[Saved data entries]
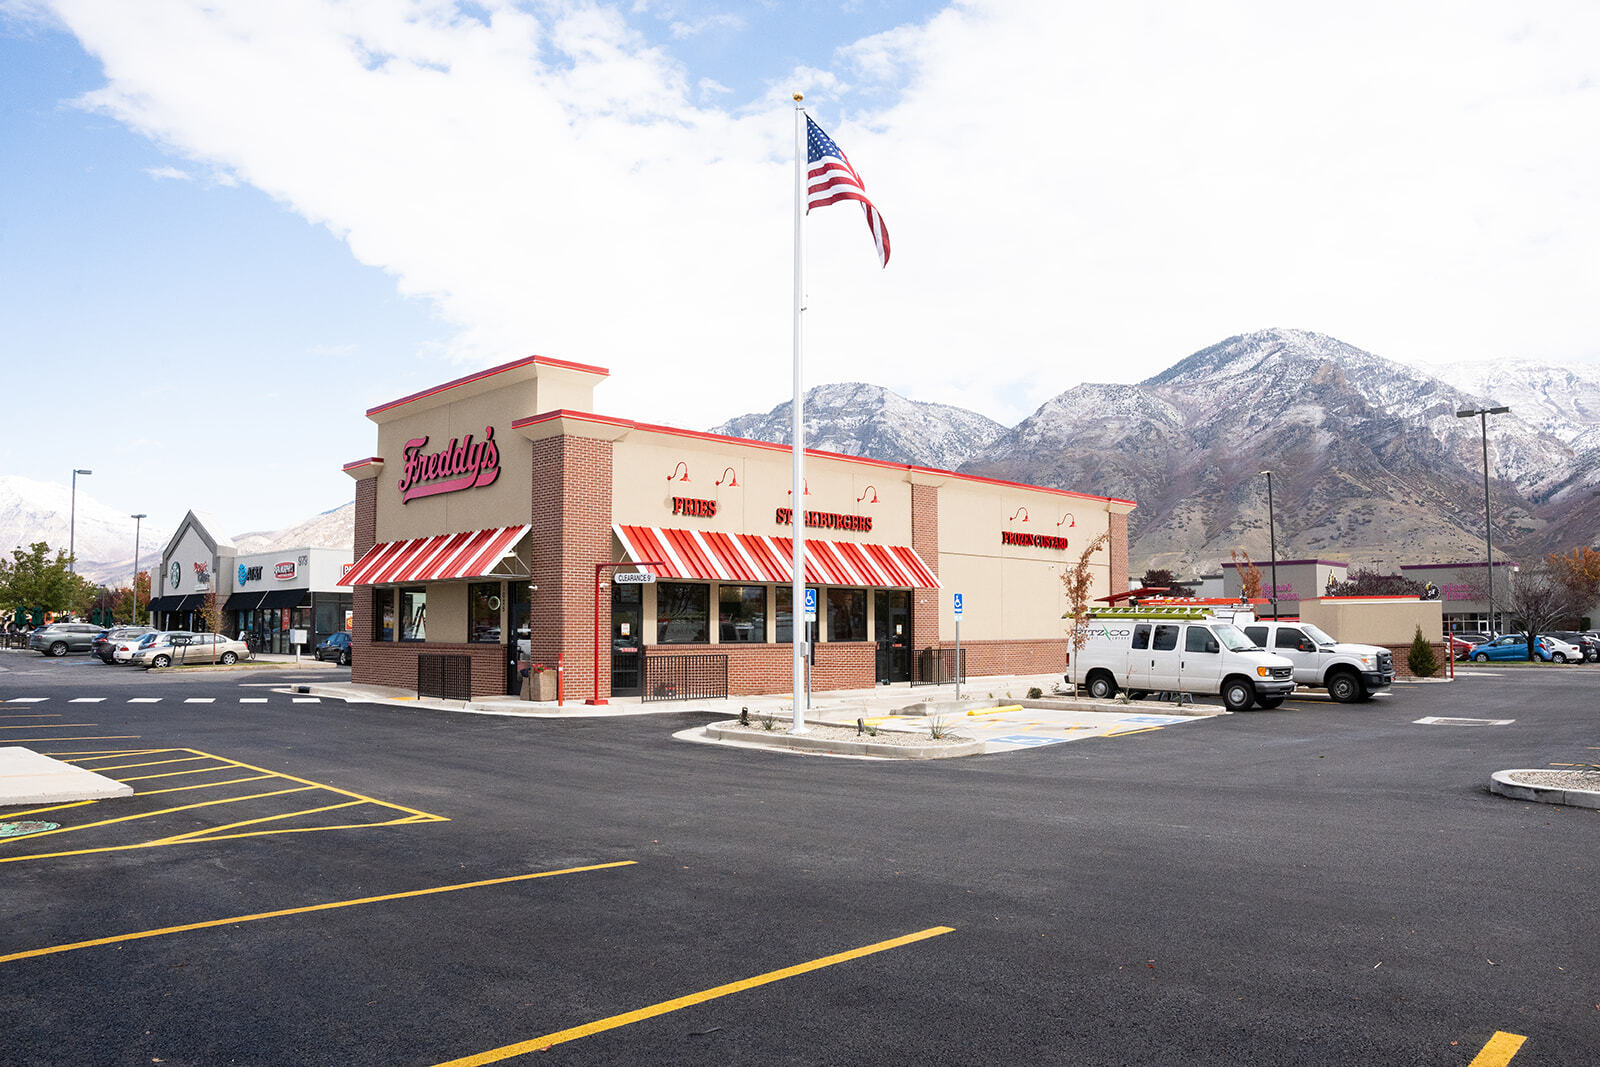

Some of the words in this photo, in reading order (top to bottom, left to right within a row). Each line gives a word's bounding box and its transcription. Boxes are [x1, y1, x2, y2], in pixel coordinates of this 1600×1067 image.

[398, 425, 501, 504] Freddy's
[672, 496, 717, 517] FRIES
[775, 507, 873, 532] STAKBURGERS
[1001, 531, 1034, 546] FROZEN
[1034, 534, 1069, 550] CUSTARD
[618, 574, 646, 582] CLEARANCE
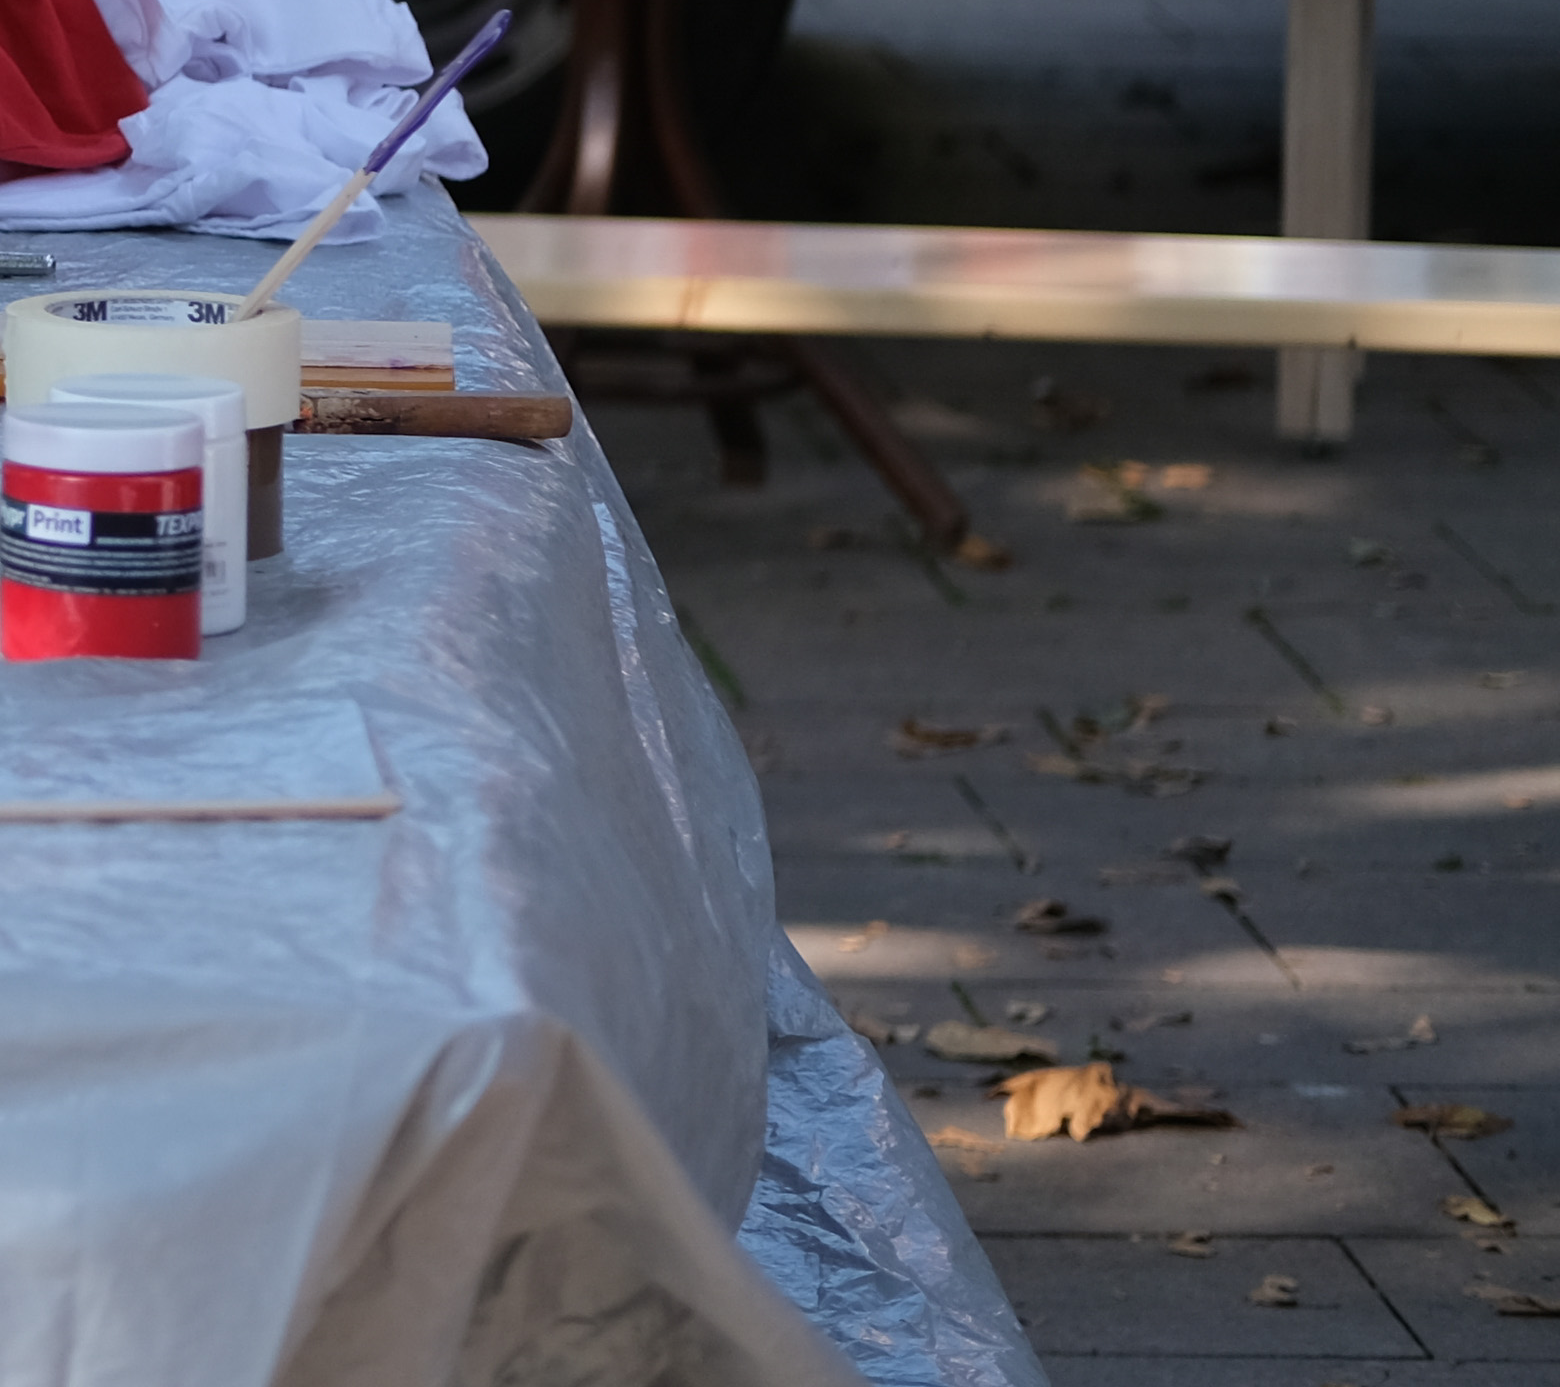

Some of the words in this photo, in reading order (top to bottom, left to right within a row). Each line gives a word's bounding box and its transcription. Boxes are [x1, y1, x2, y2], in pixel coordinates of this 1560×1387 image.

INSTRUCTIONS FOR THE TASK: Return the entries exactly as given. Do not include pictures.

SOLUTION TO THE EXERCISE:
Some of the words in this photo, in reading order (top to bottom, left to right within a row). Each line gives a word's bounding box and its transcription. Boxes are [x1, y1, x2, y2], in pixel coordinates of this 1600×1067 image.

[398, 425, 501, 504] Freddy's
[672, 496, 717, 517] FRIES
[775, 507, 873, 532] STAKBURGERS
[1001, 531, 1034, 546] FROZEN
[1034, 534, 1069, 550] CUSTARD
[618, 574, 646, 582] CLEARANCE

Some of the words in this photo, in reading order (top to bottom, left to right within a row). Each line gives a word's bounding box and its transcription. Boxes are [x1, y1, x2, y2], in pixel coordinates of this 1560×1387 image.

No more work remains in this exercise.